Básquet

Hoy, el cuarto juego de una final que se volvió vibrante

A las 22, Peñarol recibirá a Obras, tras el dramático triunfo del tachero que dejó la serie final de la Liga Nacional de básquetbol 2-1 para los marplatenses.

Por Sección Andino Sports

Si el fútbol apasiona porque puede alcanzarle con minutos para volver épico un partido, el básquetbol le retruca: sólo le bastan segundos. Un puñado de ellos trasladó a Martín Osimani de la desolación a la euforia incontenible, como héroe en un triunfazo que le devolvió a Obras la ilusión extraviada en la final de la Liga Nacional. Ahora, Peñarol se impone 2-1 y esta historia, ya vibrante e incierta, continuará esta noche, con el cuarto juego, a las 22, también en esta ciudad y con TV por TyC Sports. 

Pero hasta llegar a ese momento de anteanoche en que el uruguayo clavó el doble que le dio al Tachero la victoria por 103-102 cuando faltaban menos de dos segundos para el final del segundo suplementario, pasó casi una vida de cimbronazos, incertidumbre y emociones cambiantes. Todo en un instante. Hay que partir de la pelota que Facundo Campazzo le robó a Osimani y que transformó en la bandeja del 102-101 para Peñarol, a 7 segundos del final, y desembocar en la entereza del base visitante para rehacerse, encarar el aro y tomar el rebote de su propio corajudo intento para cerrar la noche y silenciar al Polideportivo. 

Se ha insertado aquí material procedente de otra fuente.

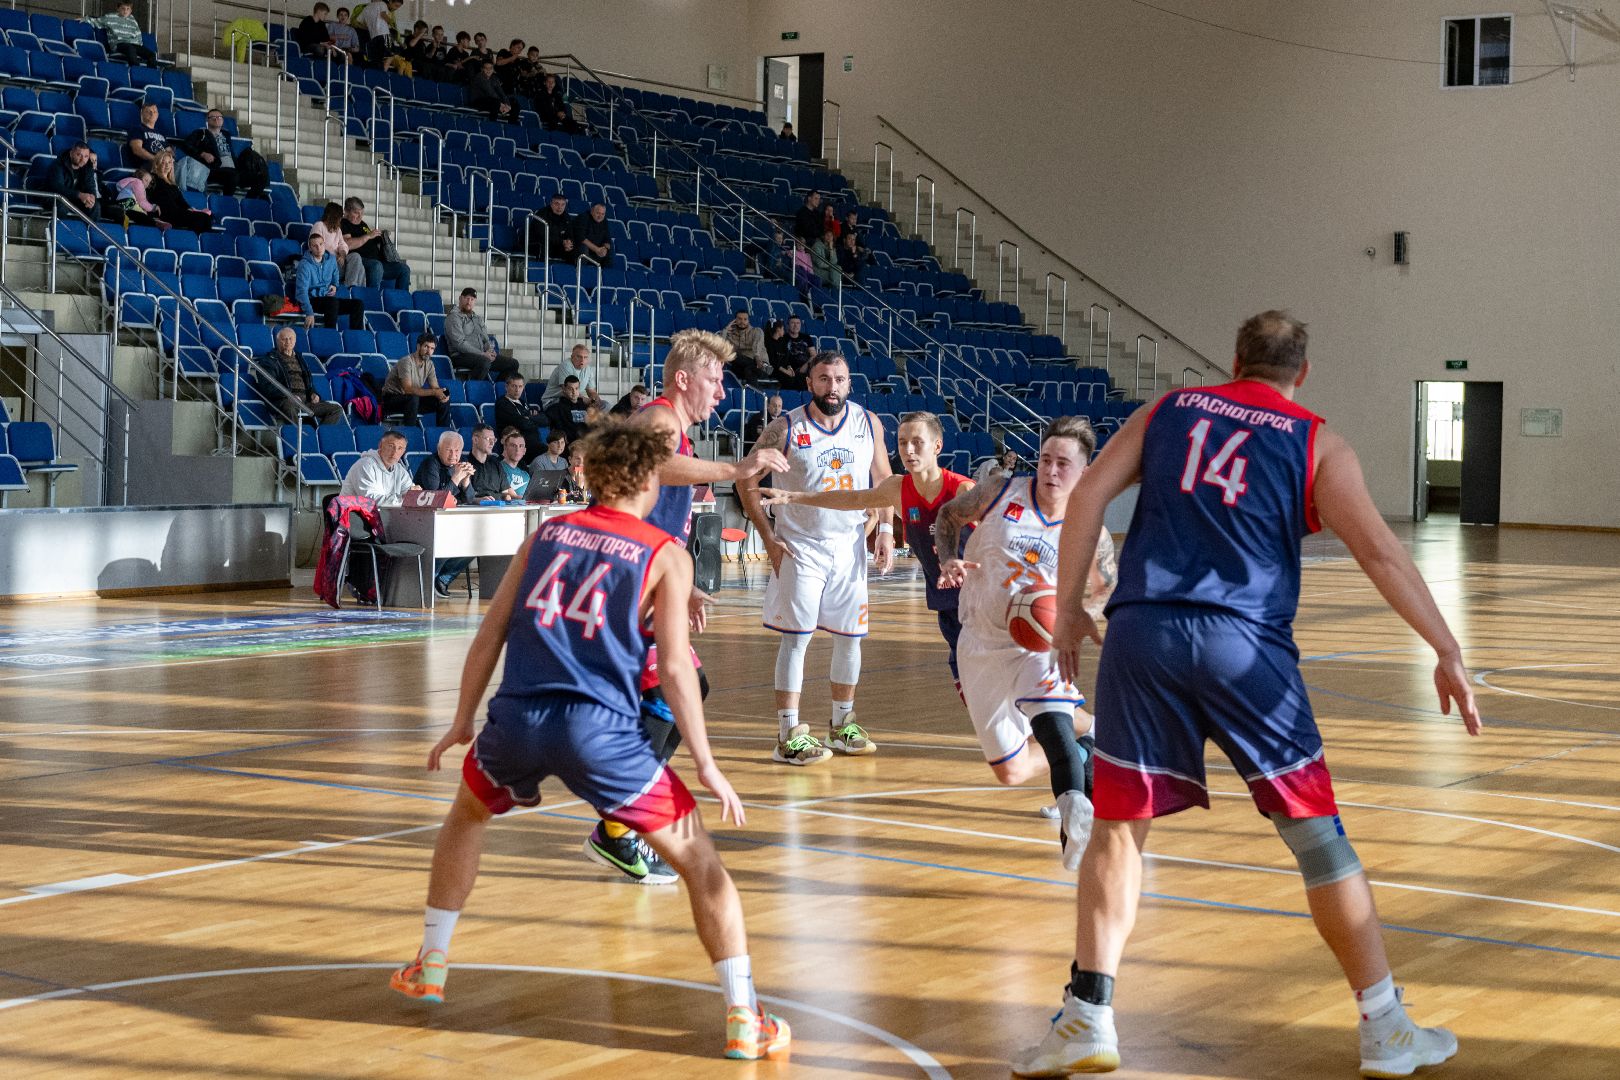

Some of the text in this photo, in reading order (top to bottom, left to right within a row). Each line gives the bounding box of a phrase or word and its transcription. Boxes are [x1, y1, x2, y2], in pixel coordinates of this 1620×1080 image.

Y aun con toda esa adrenalina, eso apenas fue el broche de un partido apasionante. Una historia que se veía muy diferente cuando Franco Giorgetti embocó aquel triple a falta de 8m36s para el final del juego. Peñarol llevaba su ventaja a 14 puntos (71-57), la mayor diferencia en un encuentro que hasta entonces mostraba a los locales como claros dominadores. El equipo de Sergio Hernández no hacía más que darle continuidad y profundizar la tendencia de los dos primeros juegos, en la Avenida del Libertador. Nervioso, discutidor, a su colega Julio Lamas se le empezaban a adivinar rasgos de resignación. Pero Peñarol, en el momento más favorable de la serie, perdió la cabeza. Empezó a caer su eficacia y aparecieron señales de individualismo; Obras lo vio y se propuso remar hasta darle alcance. Y entró a jugar la emoción, con esos dos electrizantes períodos suplementarios (el tiempo regular finalizó igualado en 79). 

Allí quedaba el festejo enloquecido de Osimani, vencedor feliz de un duelo particular con hinchas locales. "Este triunfo nos da vida. Si quedábamos 0-3, iba a ser muy difícil", dijo después el uruguayo, que, por supuesto, también se refirió a la jugada de la noche: "No fue planificado. Agaché la cabeza y me mandé al aro". Hernández era bronca, pero también hidalguía: "No supimos cerrar el juego. Tomamos decisiones individuales y no colectivas. Obras es un gran equipo, que no se entrega nunca, y tuvo su premio". La pulseada ya aseguró, al menos, un quinto partido, y promete más vibración.